Given the significant re-ratings that sharemarkets both here and overseas have had, I would expect 2014 to be a much more challenging and volatile year. While there is no doubt that many of the larger economies overseas, such as the US and Europe, seem to have stabilised, this has only occurred thanks to the zero interest rate policy of central banks as well as through the printing of money — otherwise known as quantitative easing. While this very accommodative monetary easing has helped lift investor confidence and seemingly stabilise things, it has also led to the prices of many assets, including many shares, being buoyed to perhaps
levels higher than their natural levels.
Your favourite stocks?
We have been pretty cautious on the overall sharemarket for a little while now, given quite high valuations and a continued mixed macroeconomic environment. We are very cautious about domestic cyclical stocks as we believe any economic recovery here in Australia is likely to be pretty insipid.
We always prefer stocks that fit our quality criteria of competitive advantage, recurring earnings and sound management that can grow as long as their price is reasonable. Stocks that fit the bill include Woolworths, Shopping Centres Australasia and SkyCity.

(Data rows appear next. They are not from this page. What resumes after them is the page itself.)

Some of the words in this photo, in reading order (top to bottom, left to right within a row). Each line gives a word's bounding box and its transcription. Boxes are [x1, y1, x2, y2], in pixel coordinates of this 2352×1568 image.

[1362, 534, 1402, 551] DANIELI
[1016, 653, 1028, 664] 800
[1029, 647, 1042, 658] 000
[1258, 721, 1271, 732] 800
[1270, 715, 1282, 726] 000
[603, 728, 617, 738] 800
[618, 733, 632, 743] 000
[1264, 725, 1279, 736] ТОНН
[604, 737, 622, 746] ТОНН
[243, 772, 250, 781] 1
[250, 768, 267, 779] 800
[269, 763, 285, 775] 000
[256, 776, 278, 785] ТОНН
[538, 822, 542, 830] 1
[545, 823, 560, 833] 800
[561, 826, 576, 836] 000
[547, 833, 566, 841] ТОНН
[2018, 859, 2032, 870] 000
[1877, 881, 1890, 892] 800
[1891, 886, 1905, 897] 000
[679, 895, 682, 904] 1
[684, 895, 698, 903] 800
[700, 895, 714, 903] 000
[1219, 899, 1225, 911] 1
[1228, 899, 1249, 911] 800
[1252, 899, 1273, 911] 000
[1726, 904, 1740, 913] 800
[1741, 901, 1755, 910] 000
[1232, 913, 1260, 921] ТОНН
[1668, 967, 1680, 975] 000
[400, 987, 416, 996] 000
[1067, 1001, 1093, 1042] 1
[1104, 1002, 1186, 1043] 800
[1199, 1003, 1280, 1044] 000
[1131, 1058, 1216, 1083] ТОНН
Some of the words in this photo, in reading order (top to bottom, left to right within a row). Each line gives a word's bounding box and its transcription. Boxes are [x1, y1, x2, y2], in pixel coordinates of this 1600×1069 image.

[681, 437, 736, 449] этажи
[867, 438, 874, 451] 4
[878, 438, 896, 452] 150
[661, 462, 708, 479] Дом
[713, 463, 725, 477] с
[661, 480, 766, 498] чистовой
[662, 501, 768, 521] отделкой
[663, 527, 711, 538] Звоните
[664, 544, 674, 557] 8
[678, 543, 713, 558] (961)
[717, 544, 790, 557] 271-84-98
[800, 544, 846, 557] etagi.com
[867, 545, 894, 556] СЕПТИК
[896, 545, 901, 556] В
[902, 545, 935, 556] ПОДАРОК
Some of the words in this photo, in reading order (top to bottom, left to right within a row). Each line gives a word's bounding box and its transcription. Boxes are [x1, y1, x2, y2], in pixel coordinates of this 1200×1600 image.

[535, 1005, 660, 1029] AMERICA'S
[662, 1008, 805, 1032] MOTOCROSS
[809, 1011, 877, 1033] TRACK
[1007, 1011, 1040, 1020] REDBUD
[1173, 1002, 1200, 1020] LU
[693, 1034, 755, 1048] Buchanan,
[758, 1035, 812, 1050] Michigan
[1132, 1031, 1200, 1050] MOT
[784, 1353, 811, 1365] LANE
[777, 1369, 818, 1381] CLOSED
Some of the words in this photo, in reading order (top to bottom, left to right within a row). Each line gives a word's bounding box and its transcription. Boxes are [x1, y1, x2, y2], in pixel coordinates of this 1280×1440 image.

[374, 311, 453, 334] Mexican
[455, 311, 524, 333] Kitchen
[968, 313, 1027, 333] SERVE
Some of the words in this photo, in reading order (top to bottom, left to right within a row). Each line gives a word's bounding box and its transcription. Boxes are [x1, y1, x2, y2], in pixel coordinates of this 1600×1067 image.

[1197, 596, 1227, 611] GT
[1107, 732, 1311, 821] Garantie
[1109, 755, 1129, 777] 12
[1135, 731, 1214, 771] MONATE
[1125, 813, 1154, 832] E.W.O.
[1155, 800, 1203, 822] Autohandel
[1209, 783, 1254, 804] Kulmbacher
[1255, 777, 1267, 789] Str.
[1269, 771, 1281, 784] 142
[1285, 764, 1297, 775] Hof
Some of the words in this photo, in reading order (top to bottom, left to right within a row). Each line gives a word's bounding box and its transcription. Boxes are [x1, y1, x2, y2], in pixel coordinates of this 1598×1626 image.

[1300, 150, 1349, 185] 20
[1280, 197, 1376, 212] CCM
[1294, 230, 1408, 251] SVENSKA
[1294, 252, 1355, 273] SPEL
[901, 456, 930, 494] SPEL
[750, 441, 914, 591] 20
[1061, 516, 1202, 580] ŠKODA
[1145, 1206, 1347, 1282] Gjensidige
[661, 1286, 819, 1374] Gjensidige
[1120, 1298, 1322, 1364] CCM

Your view of investment opportunities in Australia versus overseas?
The Australian sharemarket is fairly limited as we do not have a great variety of stocks in many sectors. In addition, in many sectors such as technology and healthcare, there are much bigger and better companies overseas — such as Google and Johnson & Johnson — and we have nothing much like them listed here. Having said this, more and more Australian companies are becoming global leaders in their fields, seeing a growing proportion of their profits being earned offshore. Amcor is one of the largest packaging companies in the world, Orica is the largest explosives company in the world and CSL is one of the largest intravenous immunoglobulin producers in the world.
In addition, the long-term outlook and growth of the Australian economy remain positive thanks to continued population growth. Therefore, for most Australian investors, a decent exposure to a portfolio of good-quality Australian shares as well as selective exposure overseas remains a good mix that should yield reasonable returns over time.